Before U.S. westward expansion and federal homesteading efforts, Indigenous people traversed the North Hills of Missoula on the Trail to the Buffalo. They passed through nearby Hell Gate Canyon, named both for the cold, rough waters of the river and for the ambushes between tribes that occurred at the canyon. Once the U.S. seized the land in the late nineteenth century, homesteaders in the Missoula valley tried to raise subsistence crops and livestock there. These small parcels of land had little of the potential for profit that large, thousand-plus acre ranches enjoyed.
Ray and Luella Moon came to Missoula from Minnesota staking their homestead claim in 1889. They came to “prove up,” sell the land, and move on. Ray Moon sold his land to his relatives, George and Helen Moon, the same day he acquired the deed to the property in 1894. Then Ray and Luella left Missoula. George and Helen Moon had moved to Seattle by 1907. William and Emma Randolph came to Missoula from White Sulphur Springs, Montana to buy a farm so Emma could raise chickens and get William to settle down. The Randolphs tracked down the Moons in Seattle and wrote to them to purchase the land.[1]
William and Emma lived the rest of their lives in Missoula, alternating between the homestead, which they called the Randolph Ranch, and a home in town. They raised their three sons there and often let extended family stay with them for long stretches of time. William and Emma passed away in 1956 within months of each other. Their youngest son, Bill, continued living at ranch until his death in 1995. In 1992, Bill put a conservation easement on his land, which protected it from development after his death. The City of Missoula purchased the nearly 470 acres in 1997 and created the North Hills open space and trail system. Of those acres, 13 became the Moon-Randolph Homestead site.
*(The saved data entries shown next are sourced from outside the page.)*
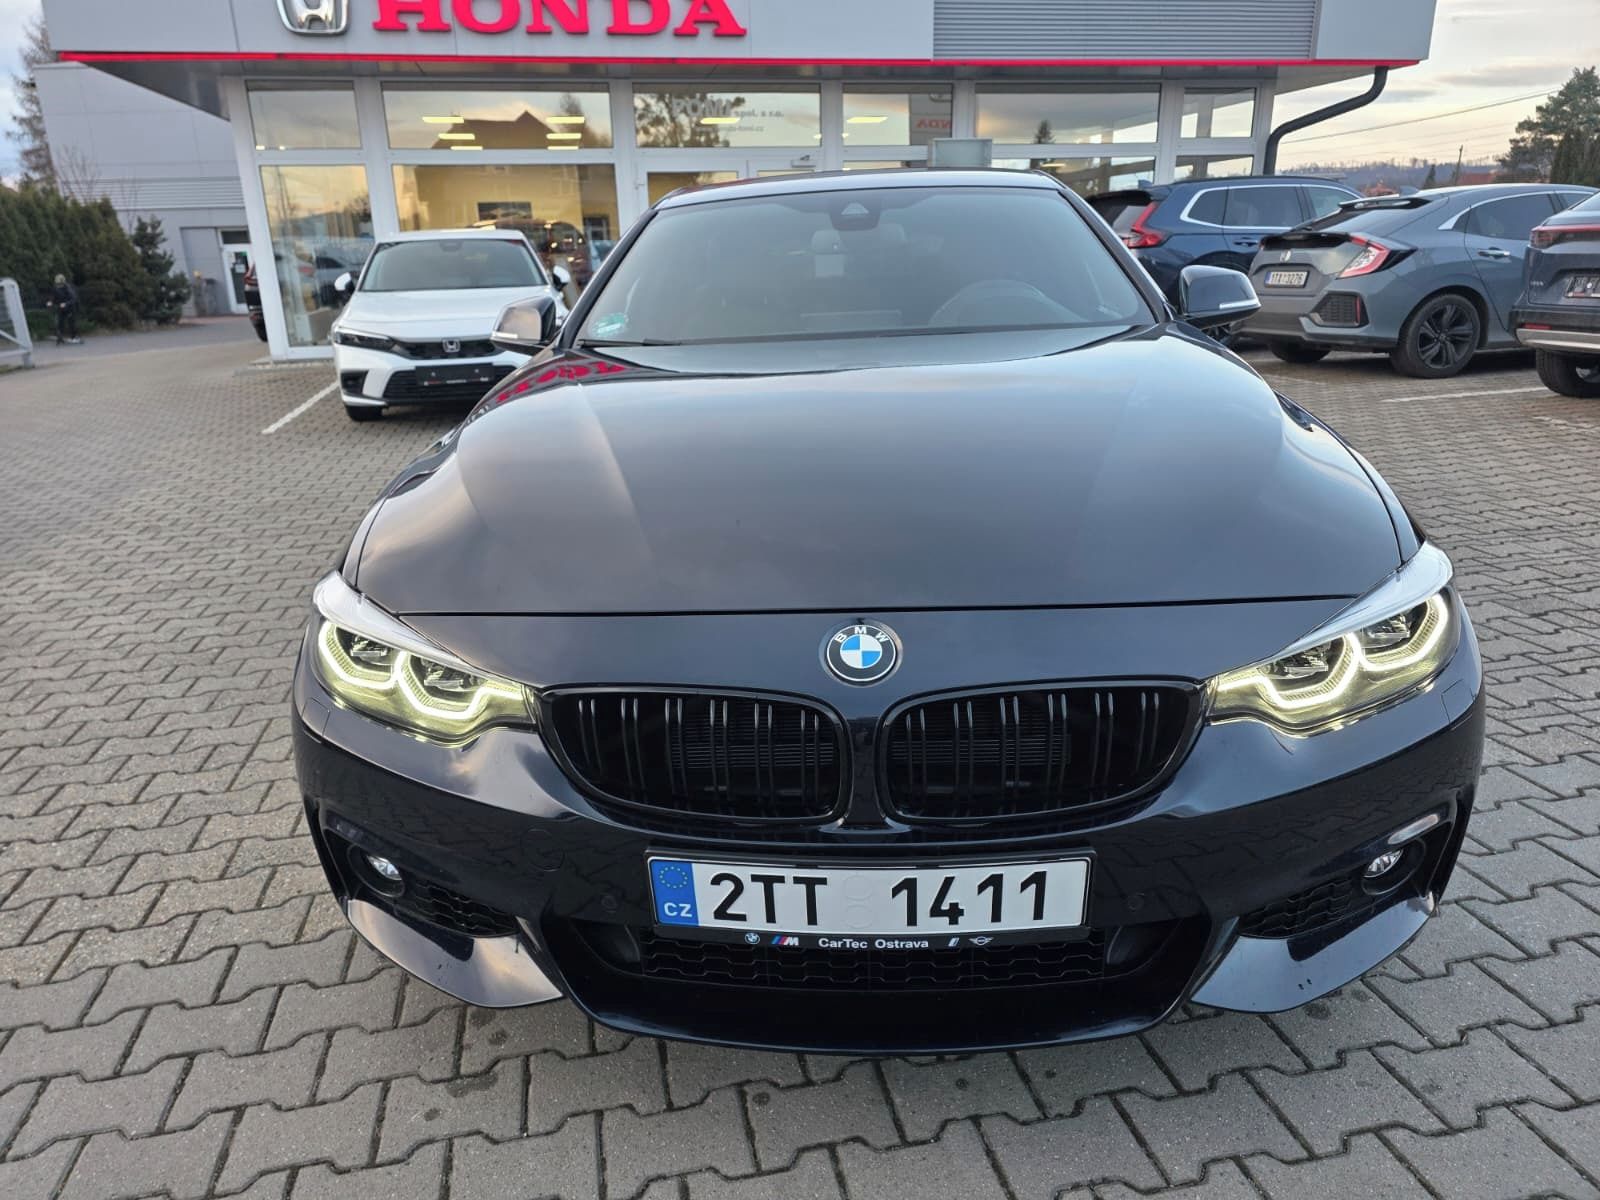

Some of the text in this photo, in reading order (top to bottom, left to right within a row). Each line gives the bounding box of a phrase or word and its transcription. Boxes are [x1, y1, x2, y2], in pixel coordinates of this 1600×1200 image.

[372, 0, 747, 37] HONDA
[834, 625, 890, 643] BMW
[709, 870, 1048, 927] 2TT 1411
[663, 902, 693, 918] CZ
[818, 938, 929, 949] CarTec Ostrava
The North Missoula Community Development Corporation, a local nonprofit, created the Hill and Homestead Preservation Commission in 1998 to advocate for the Moon-Randolph Homestead. [2]
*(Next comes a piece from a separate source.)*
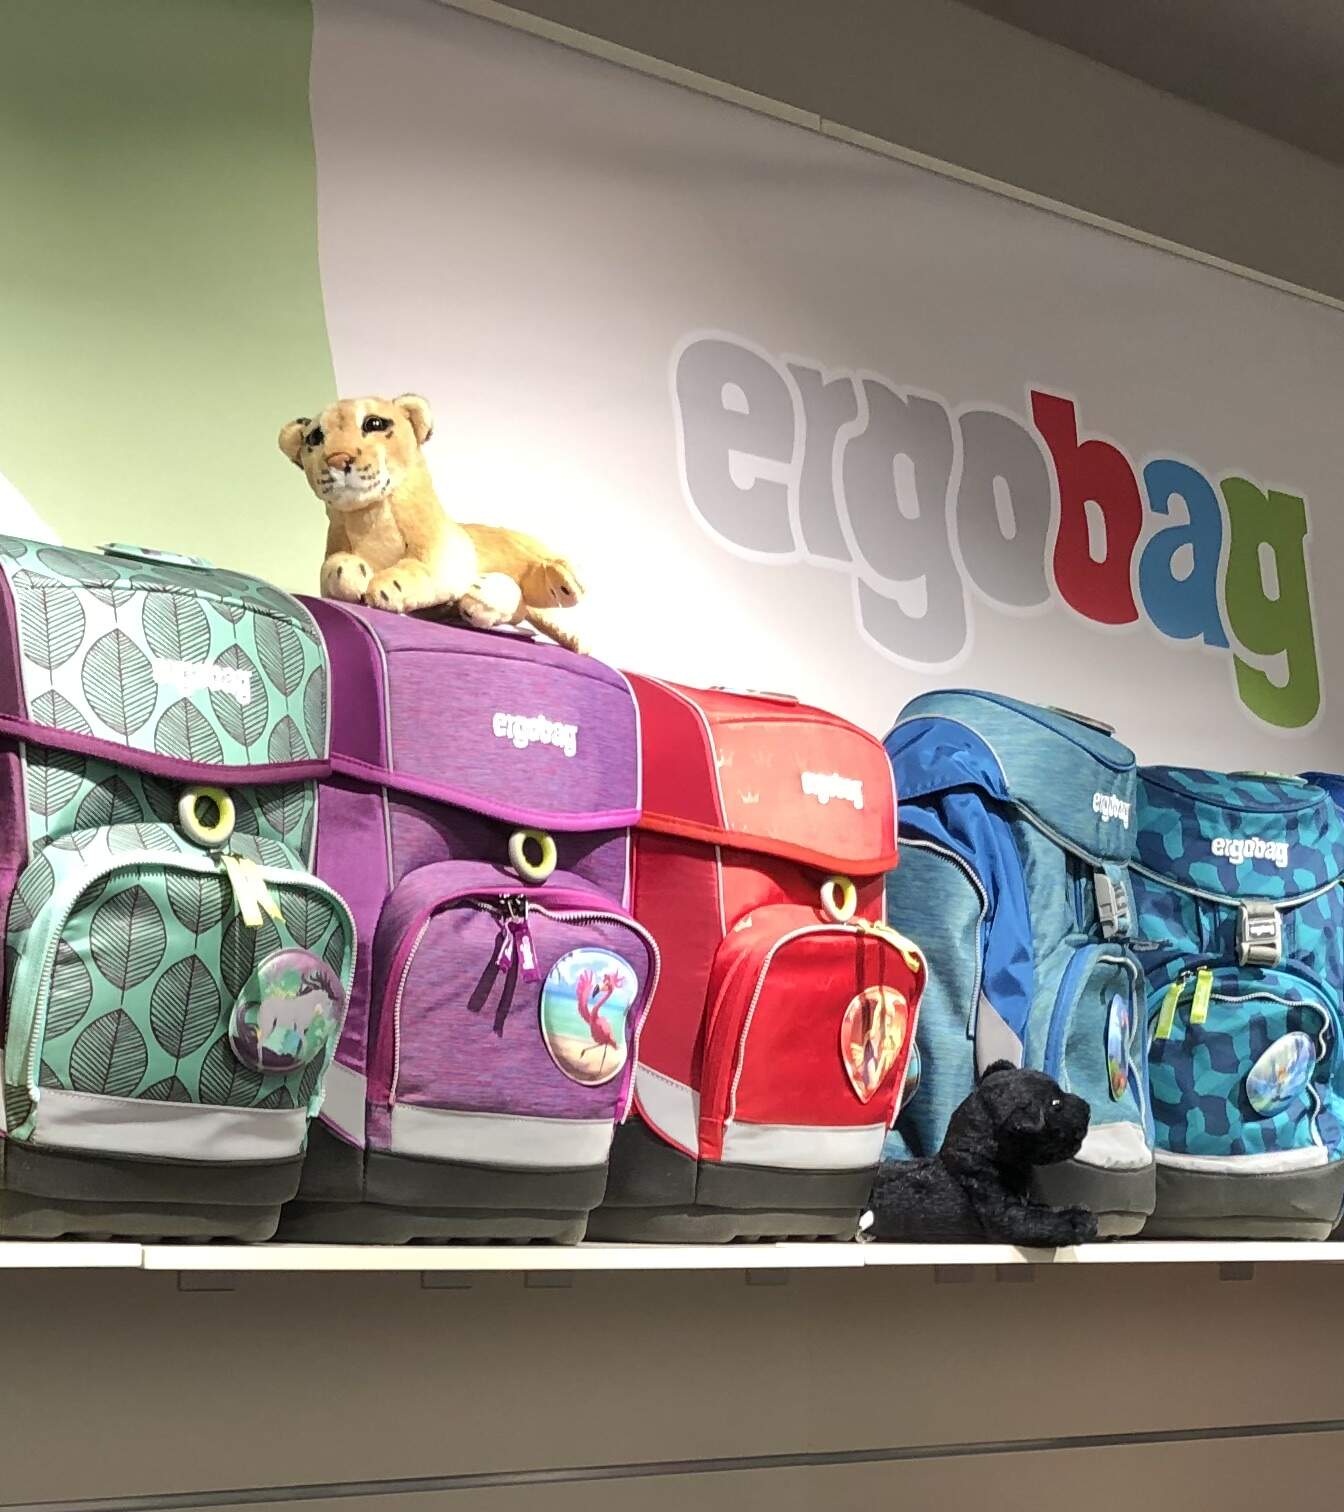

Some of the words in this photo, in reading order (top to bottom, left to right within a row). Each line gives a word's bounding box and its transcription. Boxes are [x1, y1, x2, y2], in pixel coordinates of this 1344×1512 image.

In 1998, the city began a program to house caretakers on site to oversee the Moon-Randolph Homestead, raise livestock, host events, and interface with the public. The Department of Interior listed Moon-Randolph on the National Register of Historic Places in 2010. It is open to the public on Saturdays from 11 am to 5 pm, May through October, and is used by several groups during the week, including the Montana Conservation Corps, Opportunity Resource, Youth Homes, and Parks and Recreation Homestead Camps.[3] Dr. Caitlin DeSilvey, Associate Professor of cultural geography at the University of Exeter, was the first caretaker for the Moon-Randolph Homestead. She wrote her dissertation about her work in the late 1990s and early 2000s cataloging the Randolphs’ belongings.[4] DeSilvey’s scholarship contemplates the role of decay in heritage sites. She advocates for what she calls “encounter[s] with the debris of history,” allowing deterioration to proceed as a mode of historic interpretation.[5] Her approach to Moon-Randolph was to interfere as little as possible with anything on site. Though DeSilvey catalogued all of the artifacts and documents at Moon-Randolph, the decision to curate decay combined with a lack of dedicated city resources left much of what was on site to erode away or be eaten by the mice that inhabit the site.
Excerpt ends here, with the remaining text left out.